• _Stored data entries_
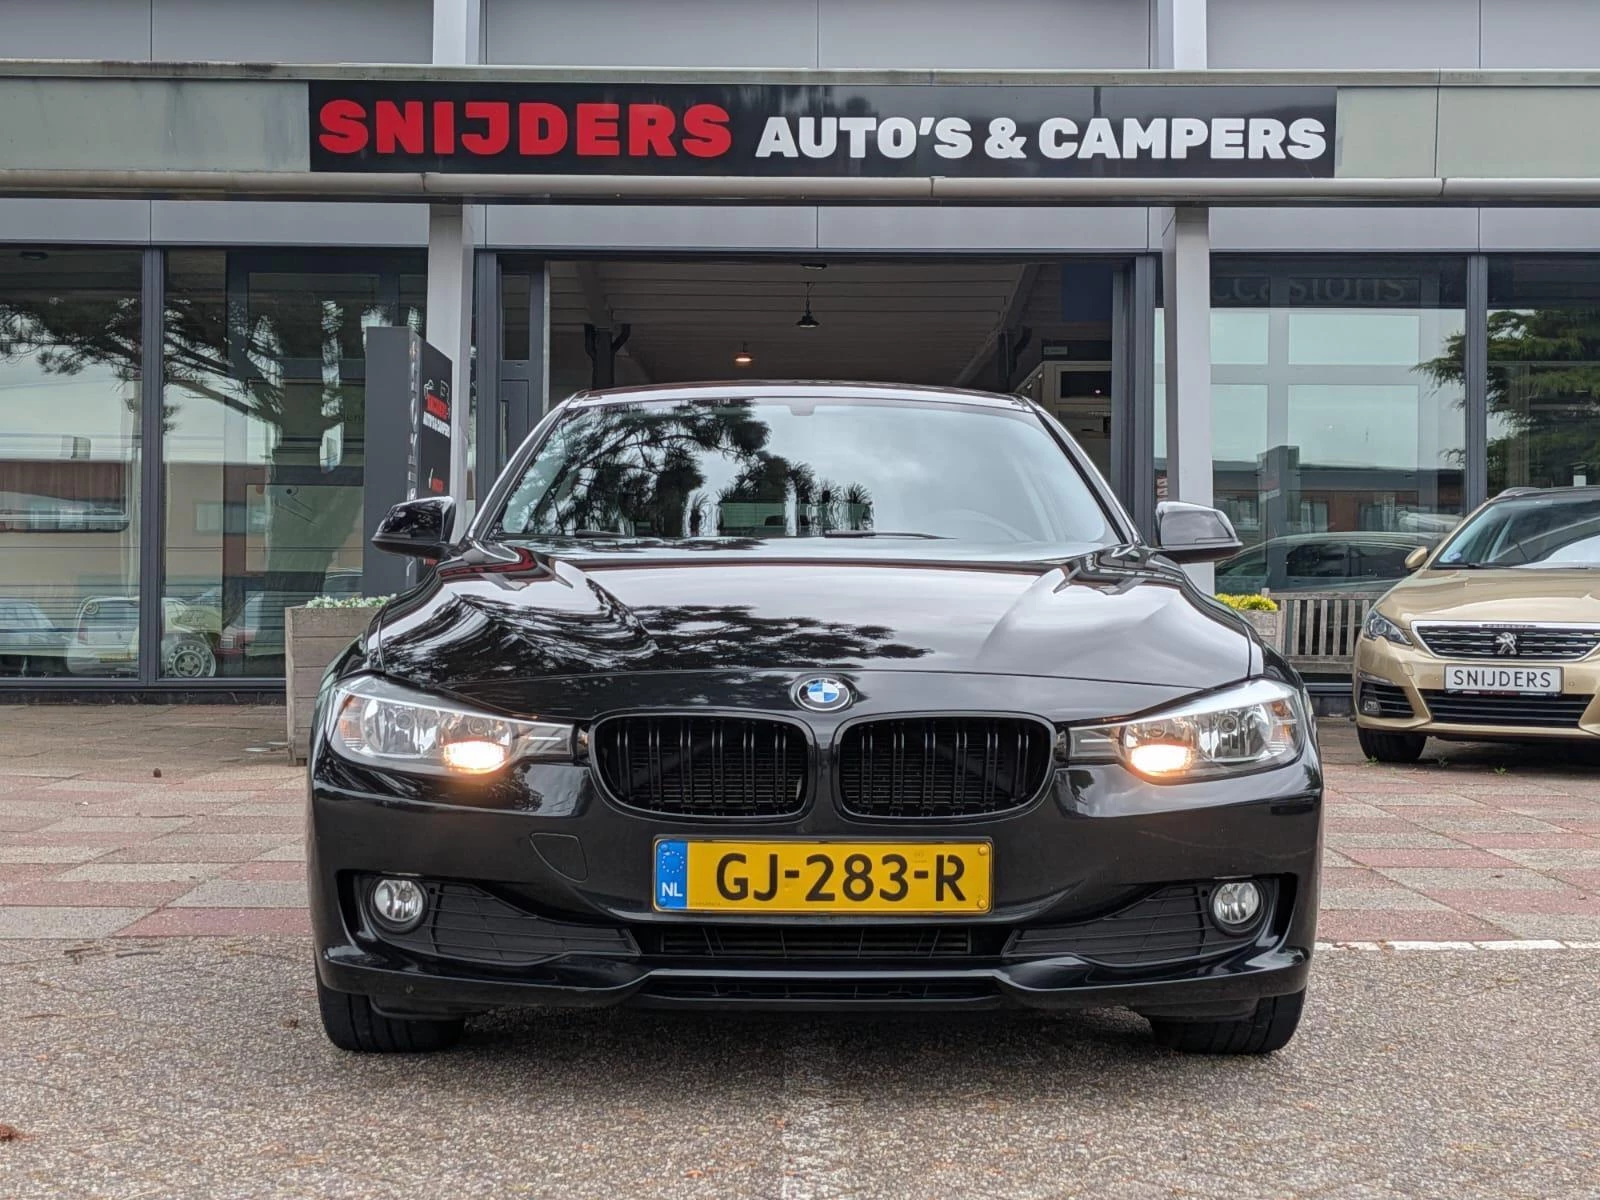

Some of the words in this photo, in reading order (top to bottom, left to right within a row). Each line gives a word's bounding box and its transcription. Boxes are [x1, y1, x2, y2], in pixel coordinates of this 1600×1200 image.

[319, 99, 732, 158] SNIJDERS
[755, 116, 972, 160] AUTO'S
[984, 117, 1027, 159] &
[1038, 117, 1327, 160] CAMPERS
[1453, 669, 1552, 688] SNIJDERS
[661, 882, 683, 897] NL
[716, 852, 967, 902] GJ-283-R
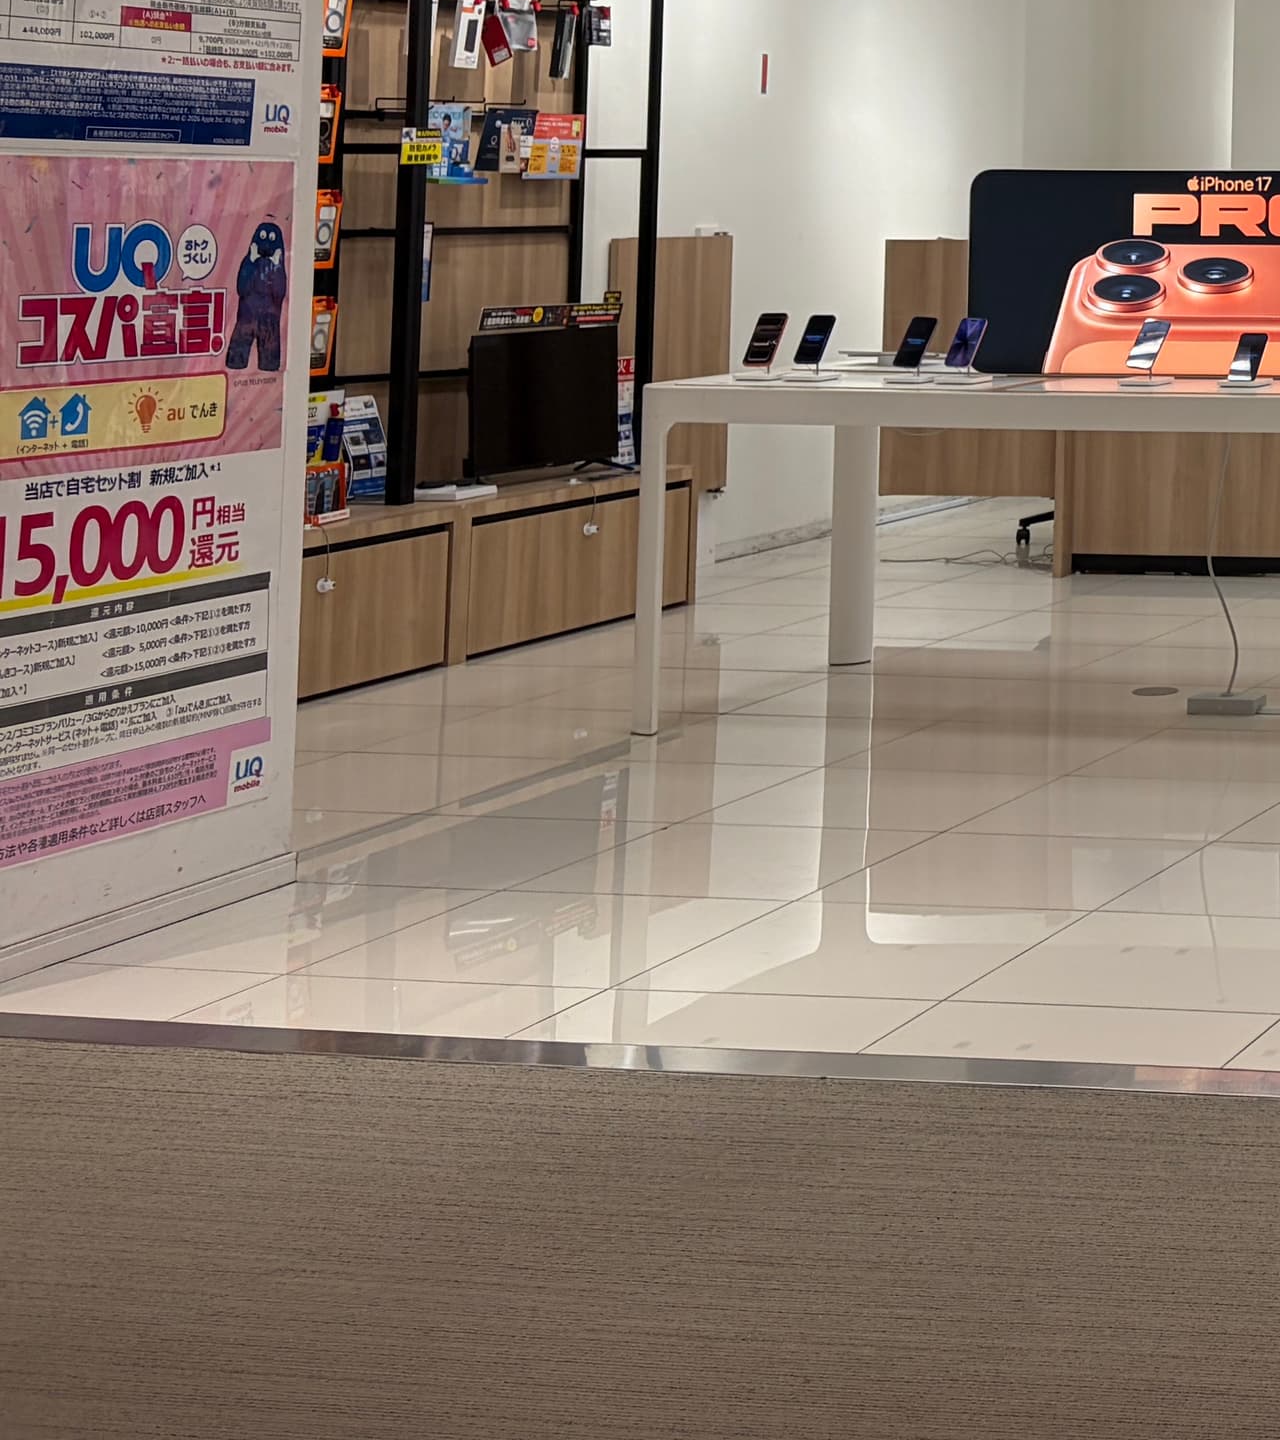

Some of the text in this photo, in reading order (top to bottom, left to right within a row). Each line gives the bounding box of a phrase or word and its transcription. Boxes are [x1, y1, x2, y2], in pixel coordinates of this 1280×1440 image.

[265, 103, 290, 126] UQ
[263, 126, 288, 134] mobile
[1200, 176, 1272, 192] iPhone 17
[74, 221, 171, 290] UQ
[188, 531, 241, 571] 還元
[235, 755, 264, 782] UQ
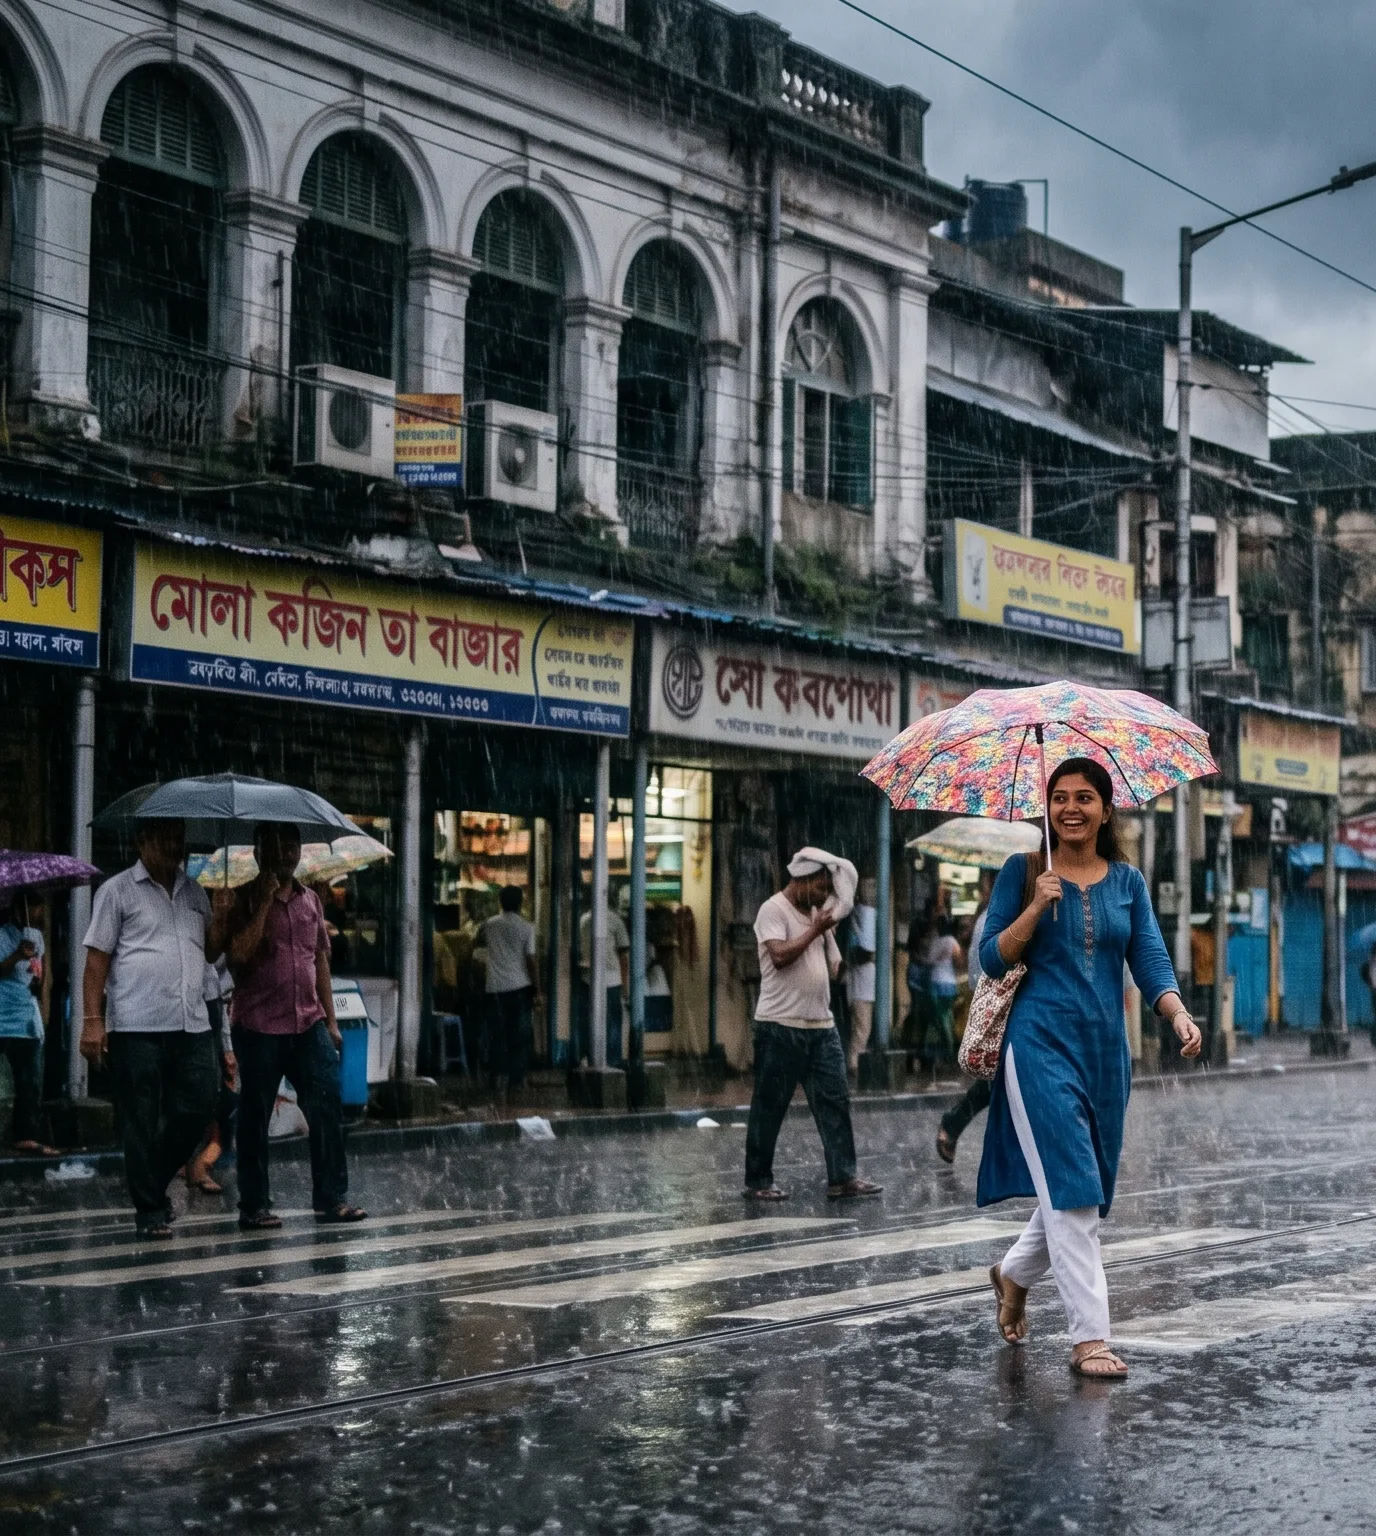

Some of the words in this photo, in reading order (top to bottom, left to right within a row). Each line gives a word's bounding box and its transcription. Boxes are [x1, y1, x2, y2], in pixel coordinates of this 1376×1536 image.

• _YOUR OBJECTIVE_
Make an exact copy of the records above, with the pictures left out.

• _RESULT OF THIS TASK_
Some of the words in this photo, in reading order (top to bottom, left to right within a row). Each line gives a word's bounding box and its transcription. Boxes are [x1, y1, x2, y2], in pixel coordinates of this 1600×1200 image.

[319, 99, 732, 158] SNIJDERS
[755, 116, 972, 160] AUTO'S
[984, 117, 1027, 159] &
[1038, 117, 1327, 160] CAMPERS
[1453, 669, 1552, 688] SNIJDERS
[661, 882, 683, 897] NL
[716, 852, 967, 902] GJ-283-R

Some of the text in this photo, in reading order (top to bottom, left to right within a row). Each line gives the bounding box of a phrase or word and its transcription. Boxes are [x1, y1, x2, y2], in pixel coordinates of this 1280×1440 image.

[265, 103, 290, 126] UQ
[263, 126, 288, 134] mobile
[1200, 176, 1272, 192] iPhone 17
[74, 221, 171, 290] UQ
[188, 531, 241, 571] 還元
[235, 755, 264, 782] UQ

Some of the words in this photo, in reading order (top to bottom, left to right within a row). Each line gives a word's bounding box and its transcription. Boxes are [x1, y1, x2, y2], in pixel coordinates of this 1376×1536 image.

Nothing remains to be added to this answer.